The task: Without pictures, retype the following entries exactly.

[Opening Dataset entries section]

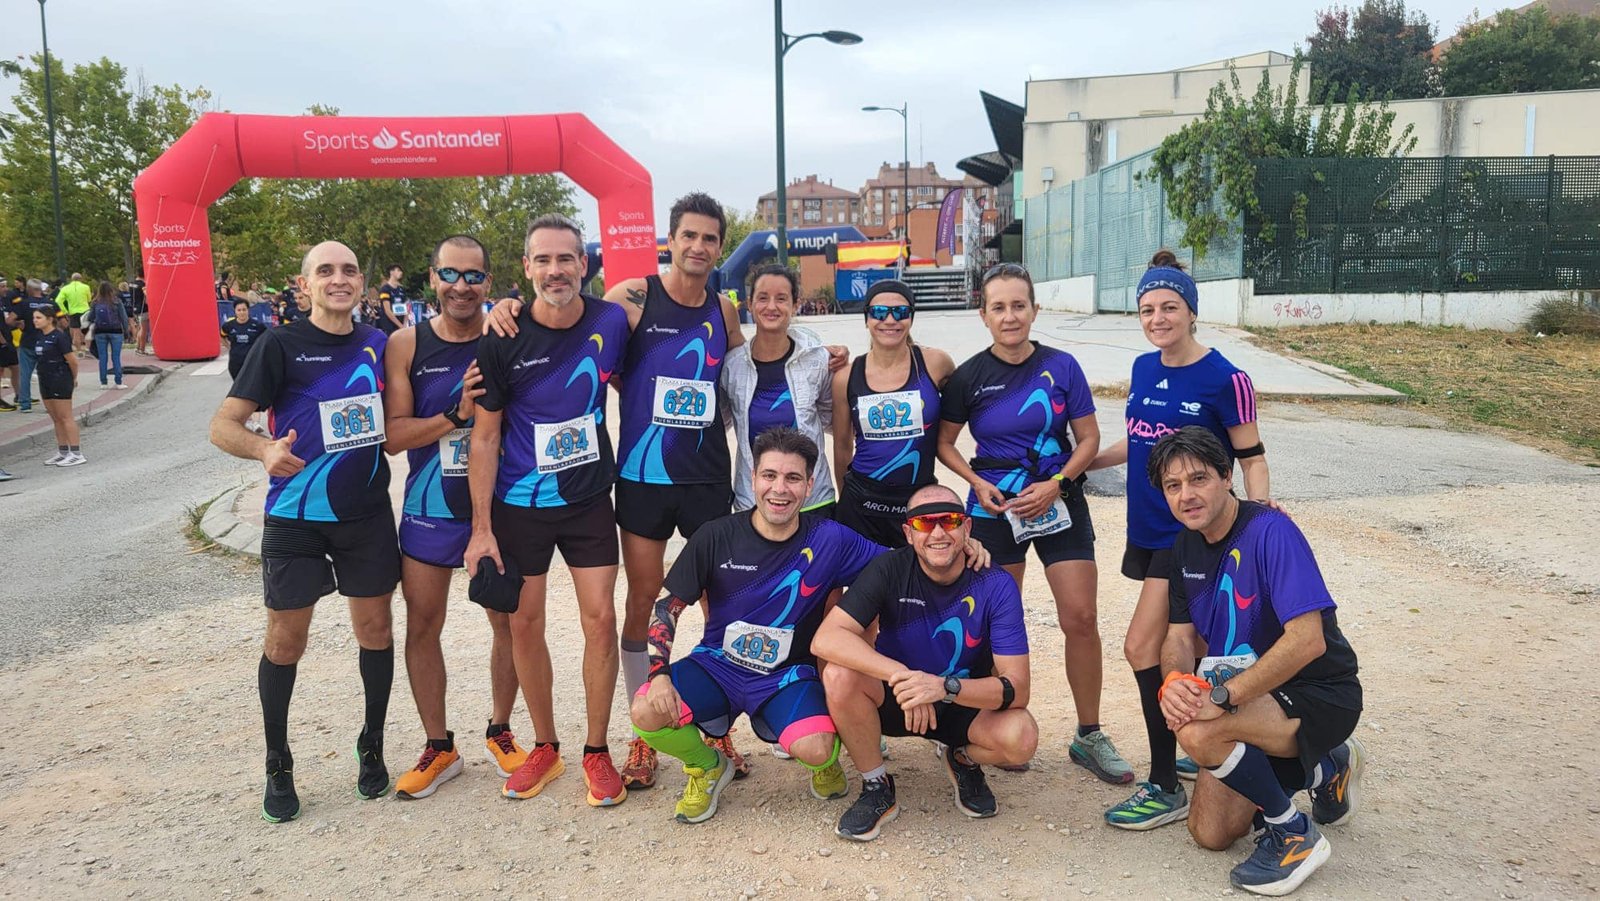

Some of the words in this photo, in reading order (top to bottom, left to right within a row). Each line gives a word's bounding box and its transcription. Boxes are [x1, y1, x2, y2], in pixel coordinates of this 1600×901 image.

[303, 130, 369, 153] Sports
[402, 130, 501, 149] Santander
[371, 155, 437, 165] sportssantander.es
[618, 211, 645, 221] Sports
[153, 224, 185, 234] Sports
[152, 239, 201, 247] Santander
[795, 232, 838, 250] mupol
[664, 389, 707, 416] 620
[331, 405, 376, 438] 961
[868, 401, 913, 430] 692
[449, 440, 468, 465] 7
[545, 427, 589, 460] 494
[891, 505, 908, 514] MA
[731, 634, 780, 664] 493

[Closing Dataset entries section]

Answer for this exercise:
Some of the words in this photo, in reading order (top to bottom, left to right within a row). Each line gives a word's bounding box and its transcription. Boxes are [x1, y1, x2, y2], in pixel coordinates of this 1600×901 image.

[303, 130, 369, 153] Sports
[402, 130, 501, 149] Santander
[371, 155, 437, 165] sportssantander.es
[618, 211, 645, 221] Sports
[153, 224, 185, 234] Sports
[152, 239, 201, 247] Santander
[795, 232, 838, 250] mupol
[664, 389, 707, 416] 620
[331, 405, 376, 438] 961
[868, 401, 913, 430] 692
[449, 440, 468, 465] 7
[545, 427, 589, 460] 494
[891, 505, 908, 514] MA
[731, 634, 780, 664] 493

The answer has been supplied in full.